● EXERCISE INPUTS
+ + + + + + +

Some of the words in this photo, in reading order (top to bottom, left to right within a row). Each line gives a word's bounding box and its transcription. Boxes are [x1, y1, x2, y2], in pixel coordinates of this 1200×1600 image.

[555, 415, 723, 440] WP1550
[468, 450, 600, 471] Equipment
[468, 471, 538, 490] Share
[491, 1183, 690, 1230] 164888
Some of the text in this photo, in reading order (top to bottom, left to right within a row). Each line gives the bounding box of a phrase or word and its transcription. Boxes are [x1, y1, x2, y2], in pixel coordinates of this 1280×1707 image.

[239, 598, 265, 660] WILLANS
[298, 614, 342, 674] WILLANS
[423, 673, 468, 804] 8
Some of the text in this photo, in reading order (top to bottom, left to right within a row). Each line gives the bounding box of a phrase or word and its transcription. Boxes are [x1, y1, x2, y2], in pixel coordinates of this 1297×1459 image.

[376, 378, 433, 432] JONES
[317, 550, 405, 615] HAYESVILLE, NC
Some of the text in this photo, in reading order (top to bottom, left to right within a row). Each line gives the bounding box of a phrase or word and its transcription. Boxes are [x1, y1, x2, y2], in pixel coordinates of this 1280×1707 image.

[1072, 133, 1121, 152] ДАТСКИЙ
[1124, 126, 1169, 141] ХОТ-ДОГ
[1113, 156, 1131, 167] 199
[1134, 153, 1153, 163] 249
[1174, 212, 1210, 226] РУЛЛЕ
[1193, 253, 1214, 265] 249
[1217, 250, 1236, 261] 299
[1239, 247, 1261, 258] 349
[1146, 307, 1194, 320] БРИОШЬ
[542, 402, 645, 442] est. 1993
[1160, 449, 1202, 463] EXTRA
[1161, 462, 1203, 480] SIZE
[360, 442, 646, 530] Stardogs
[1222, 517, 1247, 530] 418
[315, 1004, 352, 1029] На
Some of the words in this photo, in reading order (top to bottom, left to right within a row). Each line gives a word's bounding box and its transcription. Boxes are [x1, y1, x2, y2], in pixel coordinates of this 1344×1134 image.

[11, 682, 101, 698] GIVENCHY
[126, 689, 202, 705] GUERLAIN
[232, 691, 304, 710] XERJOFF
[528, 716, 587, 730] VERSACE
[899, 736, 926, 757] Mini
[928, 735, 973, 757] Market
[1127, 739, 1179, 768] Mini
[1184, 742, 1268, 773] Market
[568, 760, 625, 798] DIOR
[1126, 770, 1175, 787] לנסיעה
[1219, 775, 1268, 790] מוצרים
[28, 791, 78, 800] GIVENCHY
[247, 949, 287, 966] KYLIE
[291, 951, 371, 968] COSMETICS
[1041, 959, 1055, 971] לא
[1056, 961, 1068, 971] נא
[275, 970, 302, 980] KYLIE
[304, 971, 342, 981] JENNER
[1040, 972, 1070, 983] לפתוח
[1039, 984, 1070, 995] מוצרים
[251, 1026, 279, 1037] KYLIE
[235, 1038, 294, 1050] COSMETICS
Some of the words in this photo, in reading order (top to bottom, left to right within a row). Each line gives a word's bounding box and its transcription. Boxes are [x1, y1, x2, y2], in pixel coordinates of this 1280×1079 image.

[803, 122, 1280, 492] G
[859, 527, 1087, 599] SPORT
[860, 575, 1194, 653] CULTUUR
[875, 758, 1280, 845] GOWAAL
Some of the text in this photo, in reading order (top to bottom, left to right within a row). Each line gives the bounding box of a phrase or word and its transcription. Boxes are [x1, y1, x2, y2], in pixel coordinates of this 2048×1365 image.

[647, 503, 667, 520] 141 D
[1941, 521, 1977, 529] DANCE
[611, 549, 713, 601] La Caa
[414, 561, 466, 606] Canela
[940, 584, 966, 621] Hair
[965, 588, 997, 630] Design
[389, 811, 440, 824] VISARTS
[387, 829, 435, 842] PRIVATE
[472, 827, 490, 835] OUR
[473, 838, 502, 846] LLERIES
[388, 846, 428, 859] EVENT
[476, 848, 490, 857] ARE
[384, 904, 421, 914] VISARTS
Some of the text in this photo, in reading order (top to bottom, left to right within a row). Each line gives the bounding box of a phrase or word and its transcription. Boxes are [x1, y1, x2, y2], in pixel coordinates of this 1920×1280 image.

+ + + + + + +

● ABOUT THIS TASK
All of the entries above should be written out again exactly.

● ANSWER TO THE PROBLEM
Some of the words in this photo, in reading order (top to bottom, left to right within a row). Each line gives a word's bounding box and its transcription. Boxes are [x1, y1, x2, y2], in pixel coordinates of this 1200×1600 image.

[555, 415, 723, 440] WP1550
[468, 450, 600, 471] Equipment
[468, 471, 538, 490] Share
[491, 1183, 690, 1230] 164888
Some of the text in this photo, in reading order (top to bottom, left to right within a row). Each line gives the bounding box of a phrase or word and its transcription. Boxes are [x1, y1, x2, y2], in pixel coordinates of this 1280×1707 image.

[239, 598, 265, 660] WILLANS
[298, 614, 342, 674] WILLANS
[423, 673, 468, 804] 8
Some of the text in this photo, in reading order (top to bottom, left to right within a row). Each line gives the bounding box of a phrase or word and its transcription. Boxes are [x1, y1, x2, y2], in pixel coordinates of this 1297×1459 image.

[376, 378, 433, 432] JONES
[317, 550, 405, 615] HAYESVILLE, NC
Some of the text in this photo, in reading order (top to bottom, left to right within a row). Each line gives the bounding box of a phrase or word and its transcription. Boxes are [x1, y1, x2, y2], in pixel coordinates of this 1280×1707 image.

[1072, 133, 1121, 152] ДАТСКИЙ
[1124, 126, 1169, 141] ХОТ-ДОГ
[1113, 156, 1131, 167] 199
[1134, 153, 1153, 163] 249
[1174, 212, 1210, 226] РУЛЛЕ
[1193, 253, 1214, 265] 249
[1217, 250, 1236, 261] 299
[1239, 247, 1261, 258] 349
[1146, 307, 1194, 320] БРИОШЬ
[542, 402, 645, 442] est. 1993
[1160, 449, 1202, 463] EXTRA
[1161, 462, 1203, 480] SIZE
[360, 442, 646, 530] Stardogs
[1222, 517, 1247, 530] 418
[315, 1004, 352, 1029] На
Some of the words in this photo, in reading order (top to bottom, left to right within a row). Each line gives a word's bounding box and its transcription. Boxes are [x1, y1, x2, y2], in pixel coordinates of this 1344×1134 image.

[11, 682, 101, 698] GIVENCHY
[126, 689, 202, 705] GUERLAIN
[232, 691, 304, 710] XERJOFF
[528, 716, 587, 730] VERSACE
[899, 736, 926, 757] Mini
[928, 735, 973, 757] Market
[1127, 739, 1179, 768] Mini
[1184, 742, 1268, 773] Market
[568, 760, 625, 798] DIOR
[1126, 770, 1175, 787] לנסיעה
[1219, 775, 1268, 790] מוצרים
[28, 791, 78, 800] GIVENCHY
[247, 949, 287, 966] KYLIE
[291, 951, 371, 968] COSMETICS
[1041, 959, 1055, 971] לא
[1056, 961, 1068, 971] נא
[275, 970, 302, 980] KYLIE
[304, 971, 342, 981] JENNER
[1040, 972, 1070, 983] לפתוח
[1039, 984, 1070, 995] מוצרים
[251, 1026, 279, 1037] KYLIE
[235, 1038, 294, 1050] COSMETICS
Some of the words in this photo, in reading order (top to bottom, left to right within a row). Each line gives a word's bounding box and its transcription. Boxes are [x1, y1, x2, y2], in pixel coordinates of this 1280×1079 image.

[803, 122, 1280, 492] G
[859, 527, 1087, 599] SPORT
[860, 575, 1194, 653] CULTUUR
[875, 758, 1280, 845] GOWAAL
Some of the text in this photo, in reading order (top to bottom, left to right within a row). Each line gives the bounding box of a phrase or word and its transcription. Boxes are [x1, y1, x2, y2], in pixel coordinates of this 2048×1365 image.

[647, 503, 667, 520] 141 D
[1941, 521, 1977, 529] DANCE
[611, 549, 713, 601] La Caa
[414, 561, 466, 606] Canela
[940, 584, 966, 621] Hair
[965, 588, 997, 630] Design
[389, 811, 440, 824] VISARTS
[387, 829, 435, 842] PRIVATE
[472, 827, 490, 835] OUR
[473, 838, 502, 846] LLERIES
[388, 846, 428, 859] EVENT
[476, 848, 490, 857] ARE
[384, 904, 421, 914] VISARTS
Some of the text in this photo, in reading order (top to bottom, left to right within a row). Each line gives the bounding box of a phrase or word and its transcription. Boxes are [x1, y1, x2, y2], in pixel coordinates of this 1920×1280 image.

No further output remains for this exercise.